Building Client Trust During a Crisis
As the Novel Coronavirus pandemic disrupts business across the globe, companies are scrambling to assess and mitigate the near-term impact to their business. One of our clients recently shared an email he sent to his team of client relationship partners, reminding them to take a trust-building approach: reach out with information, but foremost with humanity.
Last week we sent some information to share with your clients regarding COVID19. In addition to the technical support information that we should be sharing, I want to reinforce the importance of communicating directly with our clients on a personal level as well. While it is natural, and even responsible, for us to see how we can support their business, now can be the defining moment to make personal connections and establish long-lasting trust.

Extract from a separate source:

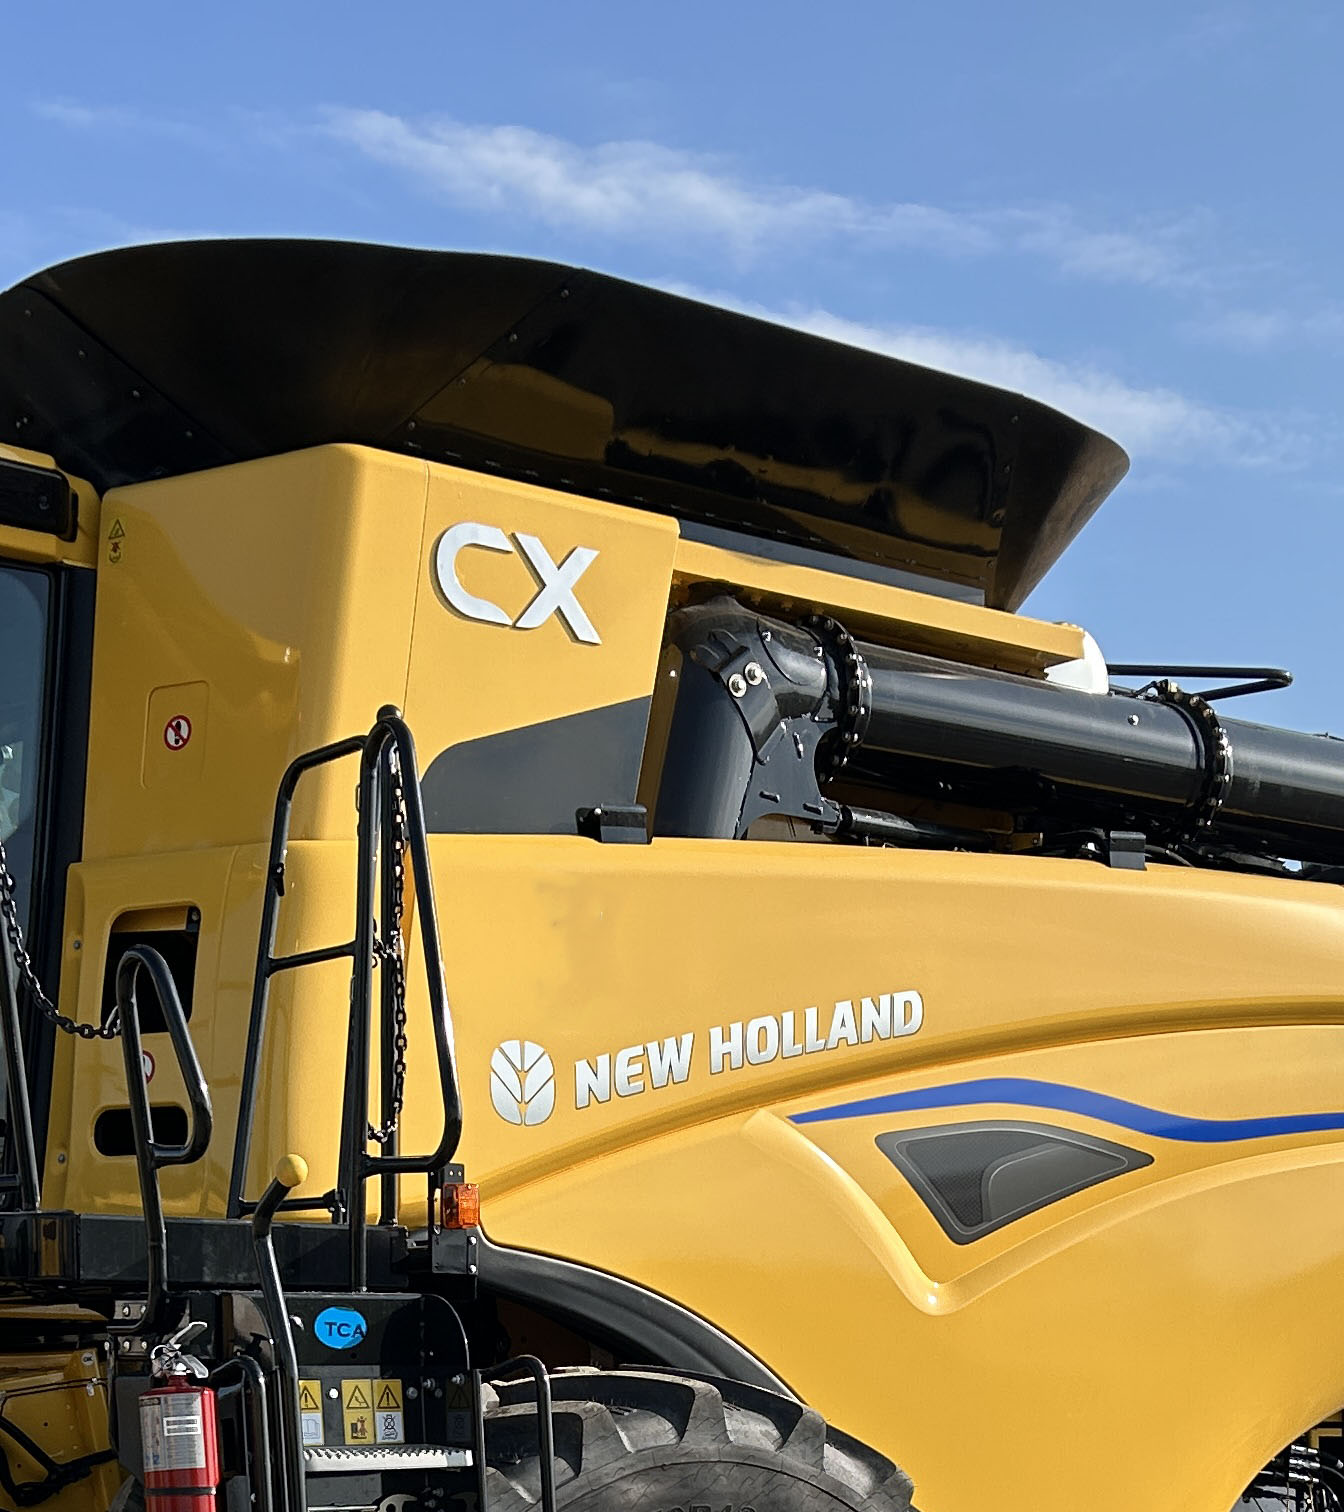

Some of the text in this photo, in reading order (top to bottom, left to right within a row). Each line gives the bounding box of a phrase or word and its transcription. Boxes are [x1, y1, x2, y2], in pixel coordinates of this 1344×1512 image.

[430, 522, 602, 646] CX
[574, 989, 924, 1110] NEW HOLLAND
[323, 1321, 364, 1339] TCA

While there will be immediate opportunities to help clients with risk assessments, supply chain optimisation, cost reduction and resource augmentation, etc., the objective of contacting them TODAY should be to see how COVID19 is affecting their job, but more importantly to simply see how they are doing personally. Some questions to consider:
- How is COVID19 impacting their day-to-day life?
- How is this impacting how they are making near-term business decisions?
- How is this impacting their direct reports and completing short term projects?
- What other pressures is this putting on them, both professionally and personally?
- How is this impacting them and their family?
During our conference last June, Charlie Green talked to us about what we can do to become our client’s Trusted Advisors. If you recall the “Trust Equation”, two key elements to establish trustworthiness include increasing “intimacy” while lowering our own “self-orientation”. Taking the time to personally call your clients – and not profiteering during crisis – is a good step towards gaining their trust and will pay dividends in the future.
Now is the time to speak with your clients and talk to them as a person and not as a target/fee source.
While Scott specifically highlights intimacy and self-orientation, two factors of trustworthiness found in the trust equation, this email is also an excellent illustration of the four trust principles in practice.
We couldn’t have said it better ourselves.